| DATASET EXTRACT |
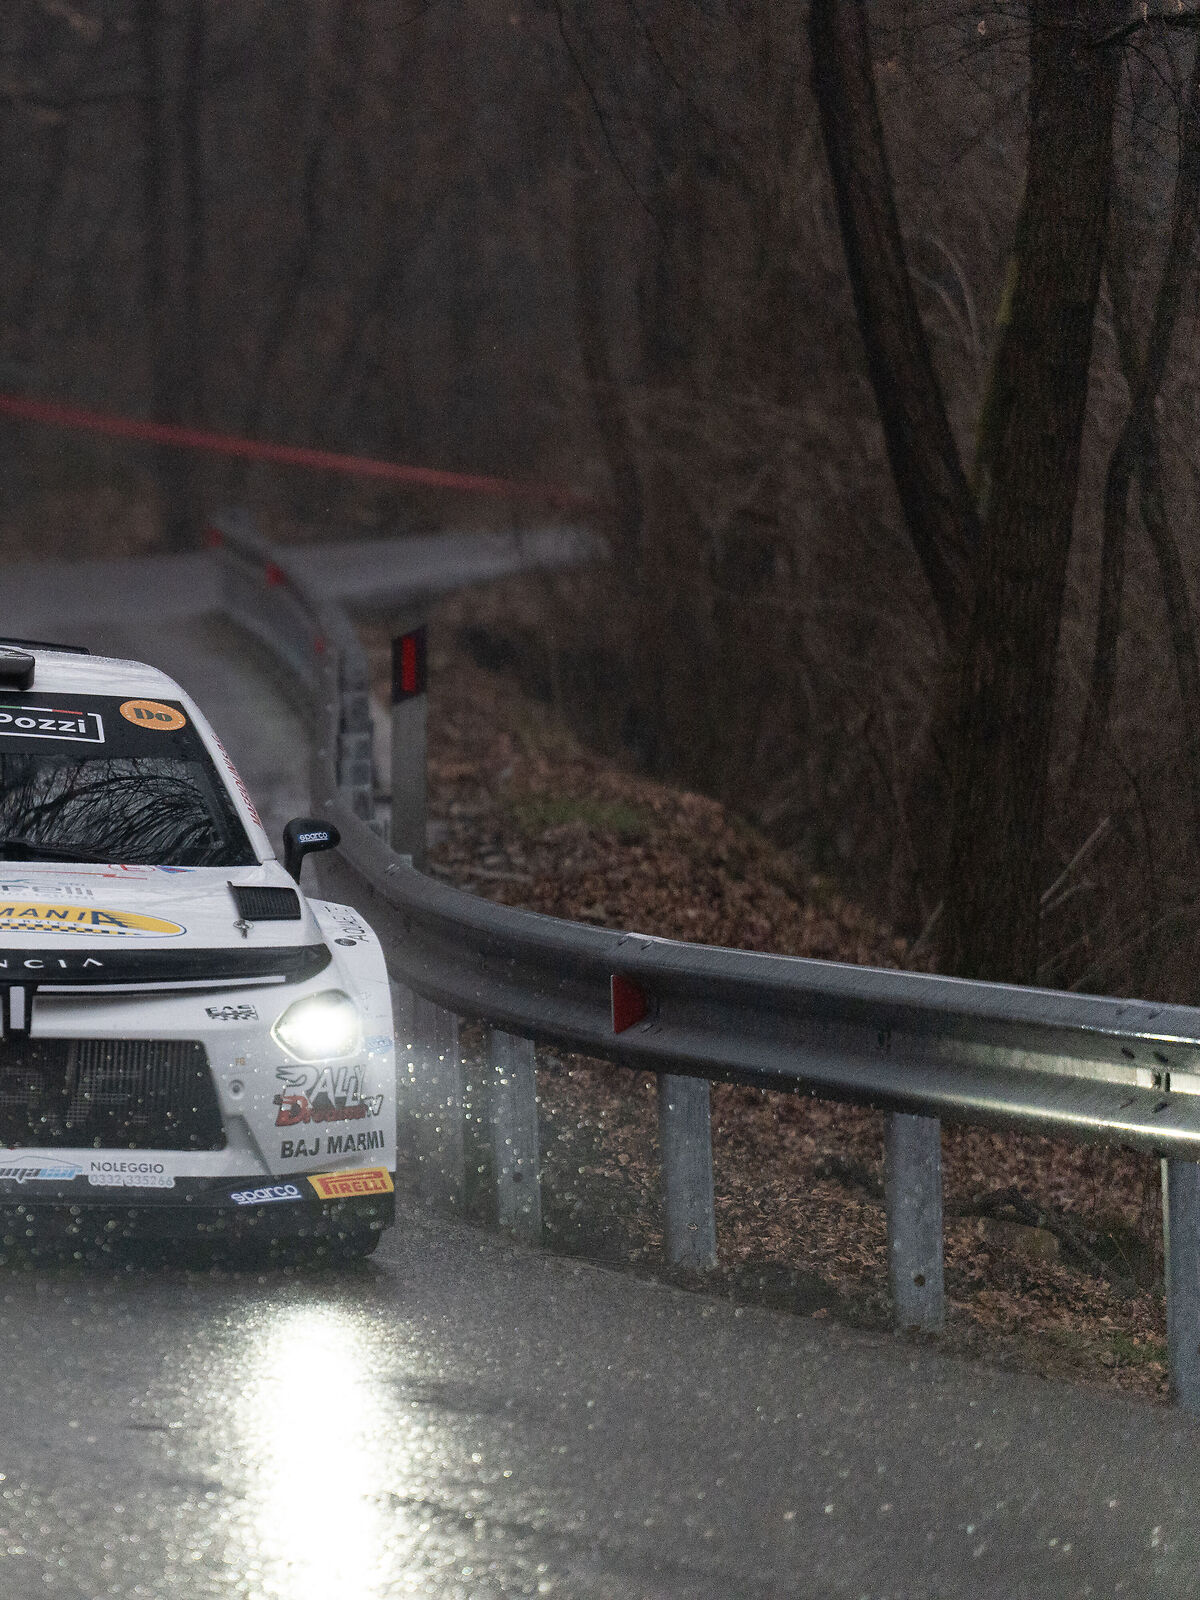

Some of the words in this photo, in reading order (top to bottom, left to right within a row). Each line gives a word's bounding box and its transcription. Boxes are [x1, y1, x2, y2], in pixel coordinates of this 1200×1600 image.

[300, 831, 328, 842] sparco
[281, 1138, 320, 1159] BAJ
[326, 1130, 385, 1155] MARMI
[91, 1162, 164, 1174] NOLEGGIO
[317, 1171, 388, 1195] PIRELLI
[231, 1184, 299, 1204] sparco
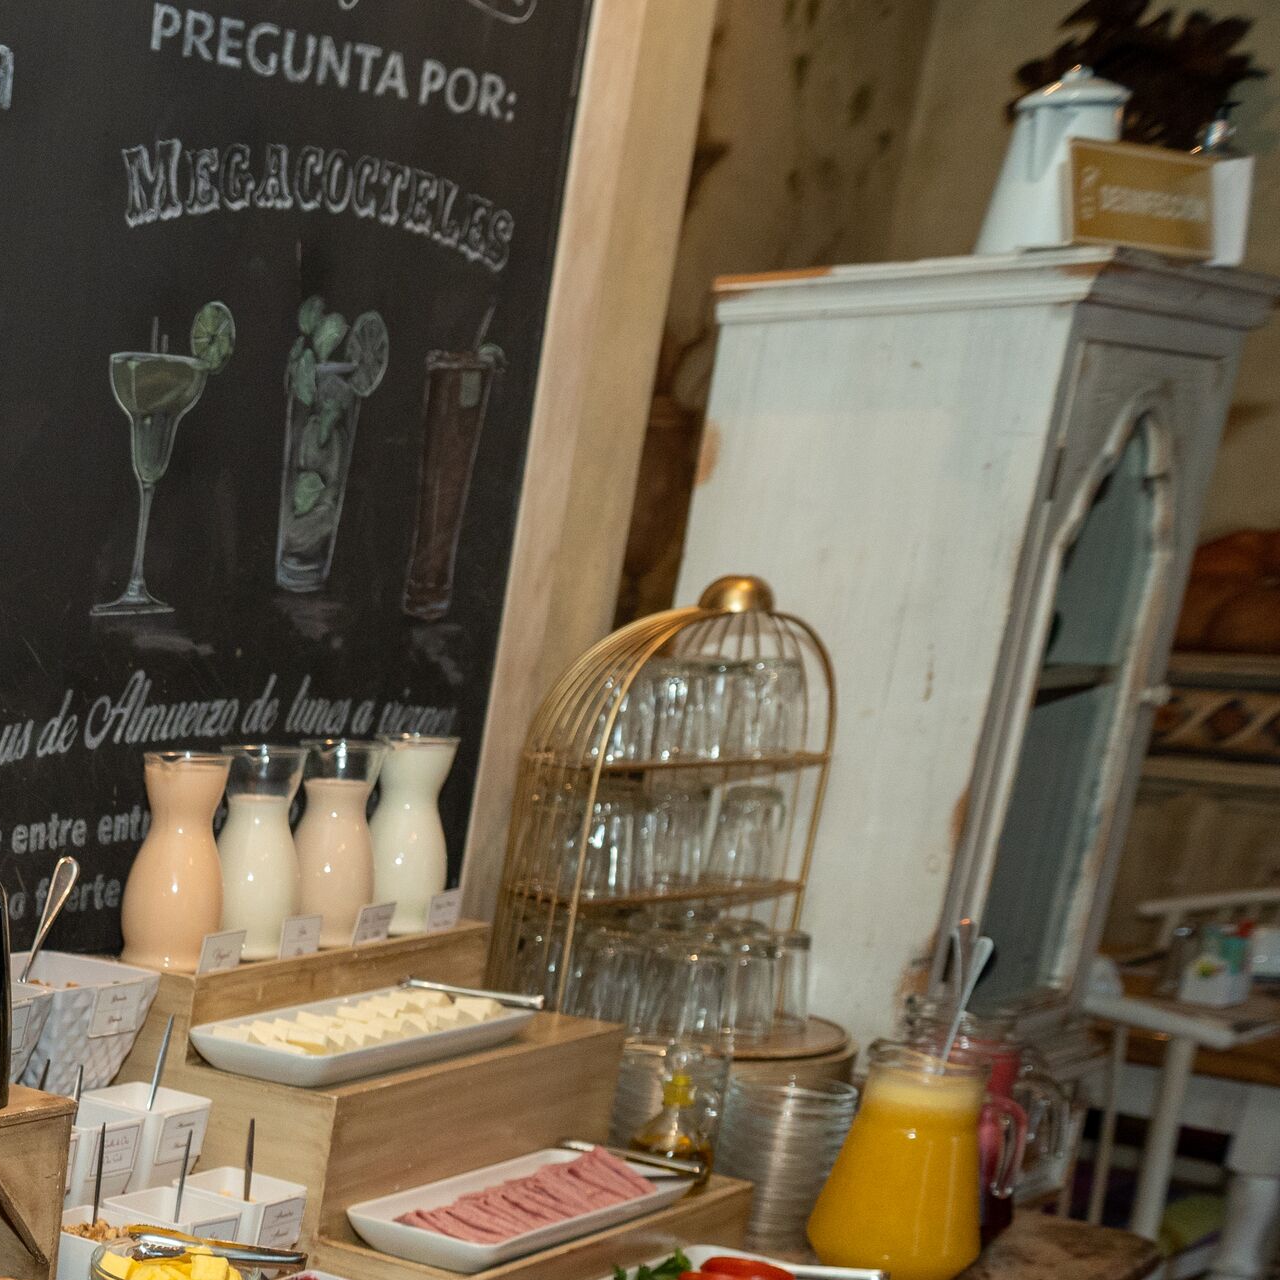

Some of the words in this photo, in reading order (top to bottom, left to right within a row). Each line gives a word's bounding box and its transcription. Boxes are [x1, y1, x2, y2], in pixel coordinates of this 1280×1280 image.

[149, 1, 408, 100] PREGUNTA
[418, 58, 518, 122] POR:
[121, 137, 516, 273] MEGACOCTELES
[37, 688, 78, 758] de
[84, 669, 239, 751] Almuerzo
[241, 672, 280, 735] de
[284, 673, 352, 736] lunes
[351, 700, 375, 735] a
[11, 812, 88, 855] entre
[35, 873, 122, 917] ferte
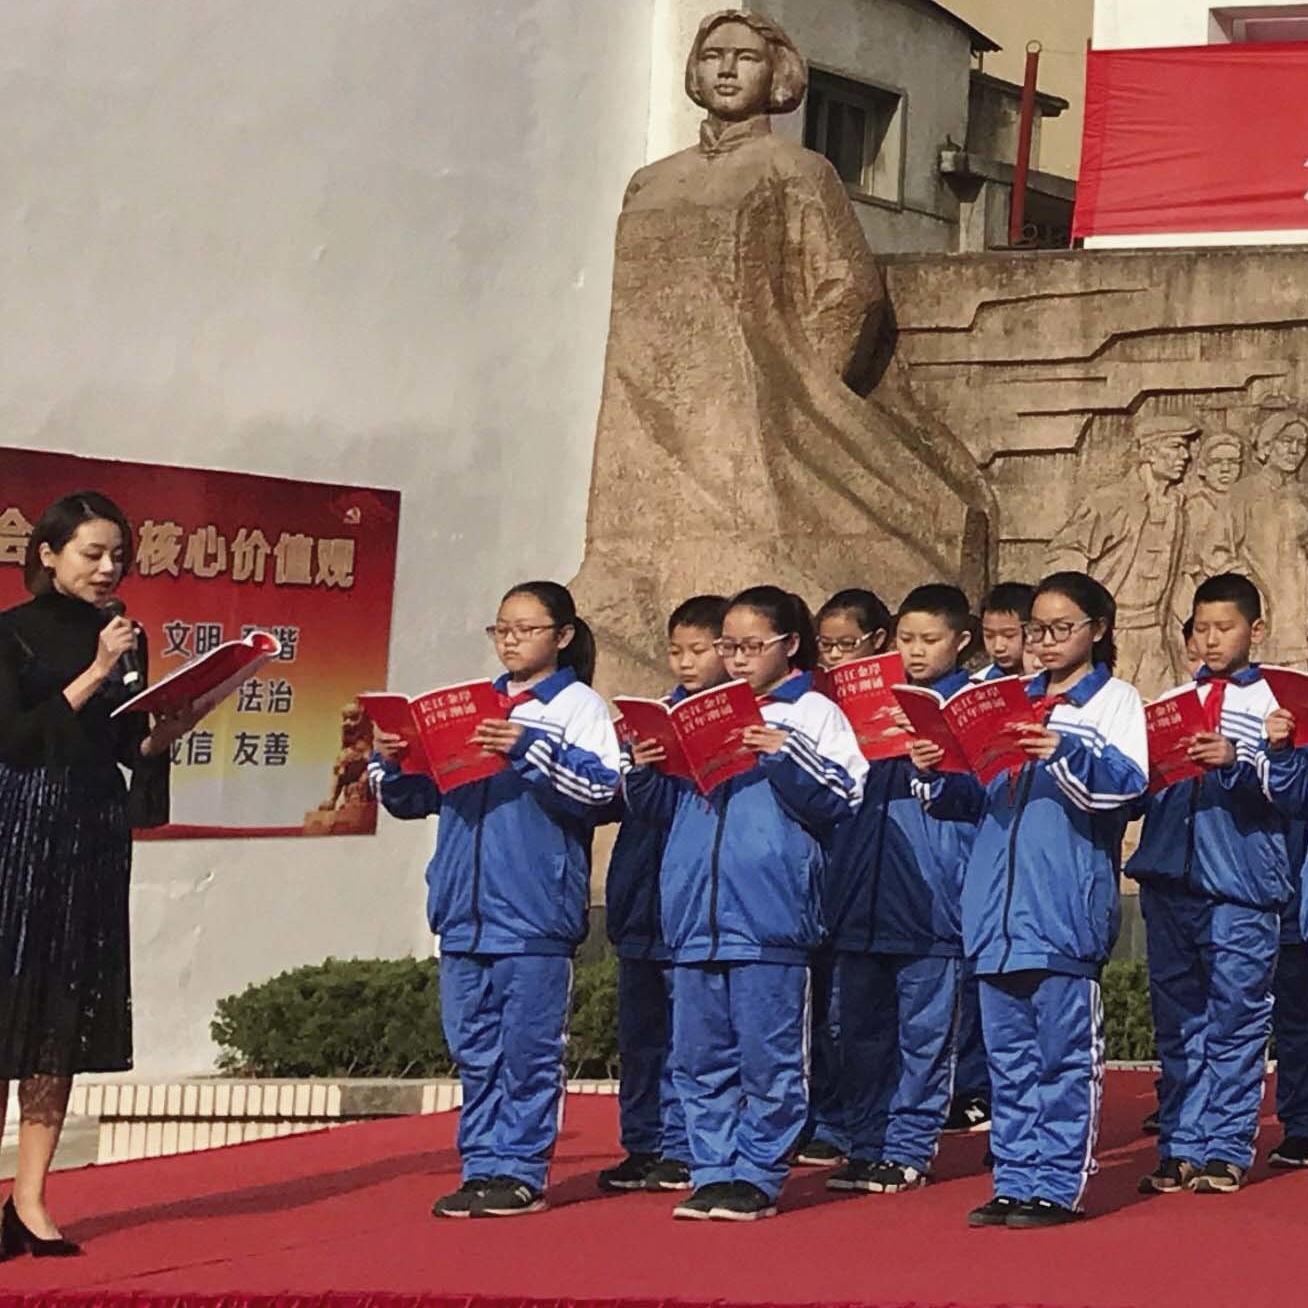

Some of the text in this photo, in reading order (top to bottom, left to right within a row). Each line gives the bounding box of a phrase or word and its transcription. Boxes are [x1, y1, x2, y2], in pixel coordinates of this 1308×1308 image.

[136, 520, 355, 588] 核心价值观
[237, 679, 293, 713] 法治
[233, 732, 290, 767] 友善

| PROBLEM TO SOLVE |
An exact copy of the data above is required, printed without its pictures.

| COMPLETED TASK |
Some of the words in this photo, in reading order (top to bottom, left to right within a row). Each line gives a word's bounding box and its transcription. Boxes are [x1, y1, x2, y2], in pixel coordinates of this 1200×1600 image.

[300, 831, 328, 842] sparco
[281, 1138, 320, 1159] BAJ
[326, 1130, 385, 1155] MARMI
[91, 1162, 164, 1174] NOLEGGIO
[317, 1171, 388, 1195] PIRELLI
[231, 1184, 299, 1204] sparco

Some of the words in this photo, in reading order (top to bottom, left to right within a row). Each line gives a word's bounding box and its transcription. Boxes are [x1, y1, x2, y2], in pixel coordinates of this 1280×1280 image.

[149, 1, 408, 100] PREGUNTA
[418, 58, 518, 122] POR:
[121, 137, 516, 273] MEGACOCTELES
[37, 688, 78, 758] de
[84, 669, 239, 751] Almuerzo
[241, 672, 280, 735] de
[284, 673, 352, 736] lunes
[351, 700, 375, 735] a
[11, 812, 88, 855] entre
[35, 873, 122, 917] ferte

Some of the text in this photo, in reading order (top to bottom, left to right within a row). Each line gives the bounding box of a phrase or word and its transcription. Boxes are [x1, y1, x2, y2], in pixel coordinates of this 1308×1308 image.

[136, 520, 355, 588] 核心价值观
[237, 679, 293, 713] 法治
[233, 732, 290, 767] 友善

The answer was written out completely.